DATA RECORDS below:
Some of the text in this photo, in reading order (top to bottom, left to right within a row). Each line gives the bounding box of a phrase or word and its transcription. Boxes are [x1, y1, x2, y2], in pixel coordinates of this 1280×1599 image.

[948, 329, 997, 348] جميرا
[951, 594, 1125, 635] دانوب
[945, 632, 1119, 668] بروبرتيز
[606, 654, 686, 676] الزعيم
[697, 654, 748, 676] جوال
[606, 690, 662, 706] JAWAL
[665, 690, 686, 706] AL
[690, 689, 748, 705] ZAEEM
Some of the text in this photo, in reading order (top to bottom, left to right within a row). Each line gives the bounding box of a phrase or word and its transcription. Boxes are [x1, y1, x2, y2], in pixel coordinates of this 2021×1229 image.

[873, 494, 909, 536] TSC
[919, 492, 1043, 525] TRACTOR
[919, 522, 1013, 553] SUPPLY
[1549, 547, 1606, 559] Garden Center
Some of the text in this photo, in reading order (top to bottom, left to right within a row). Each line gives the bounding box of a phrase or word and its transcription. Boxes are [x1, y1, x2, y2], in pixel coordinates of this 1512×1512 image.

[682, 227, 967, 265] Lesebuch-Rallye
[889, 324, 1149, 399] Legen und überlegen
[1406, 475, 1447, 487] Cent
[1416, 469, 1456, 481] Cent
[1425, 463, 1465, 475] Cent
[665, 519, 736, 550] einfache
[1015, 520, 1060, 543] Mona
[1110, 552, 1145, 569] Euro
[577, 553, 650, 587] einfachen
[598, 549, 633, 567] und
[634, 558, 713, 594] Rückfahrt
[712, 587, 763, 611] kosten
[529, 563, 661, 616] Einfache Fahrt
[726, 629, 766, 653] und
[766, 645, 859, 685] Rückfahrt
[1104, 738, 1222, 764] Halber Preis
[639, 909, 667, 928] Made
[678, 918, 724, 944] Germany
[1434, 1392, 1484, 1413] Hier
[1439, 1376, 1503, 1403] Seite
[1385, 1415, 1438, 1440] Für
End of DATA RECORDS.
● TASK STATEMENT
Copy each record from above exactly, and include every line.

● REPLY TO THE EXERCISE
Some of the text in this photo, in reading order (top to bottom, left to right within a row). Each line gives the bounding box of a phrase or word and its transcription. Boxes are [x1, y1, x2, y2], in pixel coordinates of this 1280×1599 image.

[948, 329, 997, 348] جميرا
[951, 594, 1125, 635] دانوب
[945, 632, 1119, 668] بروبرتيز
[606, 654, 686, 676] الزعيم
[697, 654, 748, 676] جوال
[606, 690, 662, 706] JAWAL
[665, 690, 686, 706] AL
[690, 689, 748, 705] ZAEEM
Some of the text in this photo, in reading order (top to bottom, left to right within a row). Each line gives the bounding box of a phrase or word and its transcription. Boxes are [x1, y1, x2, y2], in pixel coordinates of this 2021×1229 image.

[873, 494, 909, 536] TSC
[919, 492, 1043, 525] TRACTOR
[919, 522, 1013, 553] SUPPLY
[1549, 547, 1606, 559] Garden Center
Some of the text in this photo, in reading order (top to bottom, left to right within a row). Each line gives the bounding box of a phrase or word and its transcription. Boxes are [x1, y1, x2, y2], in pixel coordinates of this 1512×1512 image.

[682, 227, 967, 265] Lesebuch-Rallye
[889, 324, 1149, 399] Legen und überlegen
[1406, 475, 1447, 487] Cent
[1416, 469, 1456, 481] Cent
[1425, 463, 1465, 475] Cent
[665, 519, 736, 550] einfache
[1015, 520, 1060, 543] Mona
[1110, 552, 1145, 569] Euro
[577, 553, 650, 587] einfachen
[598, 549, 633, 567] und
[634, 558, 713, 594] Rückfahrt
[712, 587, 763, 611] kosten
[529, 563, 661, 616] Einfache Fahrt
[726, 629, 766, 653] und
[766, 645, 859, 685] Rückfahrt
[1104, 738, 1222, 764] Halber Preis
[639, 909, 667, 928] Made
[678, 918, 724, 944] Germany
[1434, 1392, 1484, 1413] Hier
[1439, 1376, 1503, 1403] Seite
[1385, 1415, 1438, 1440] Für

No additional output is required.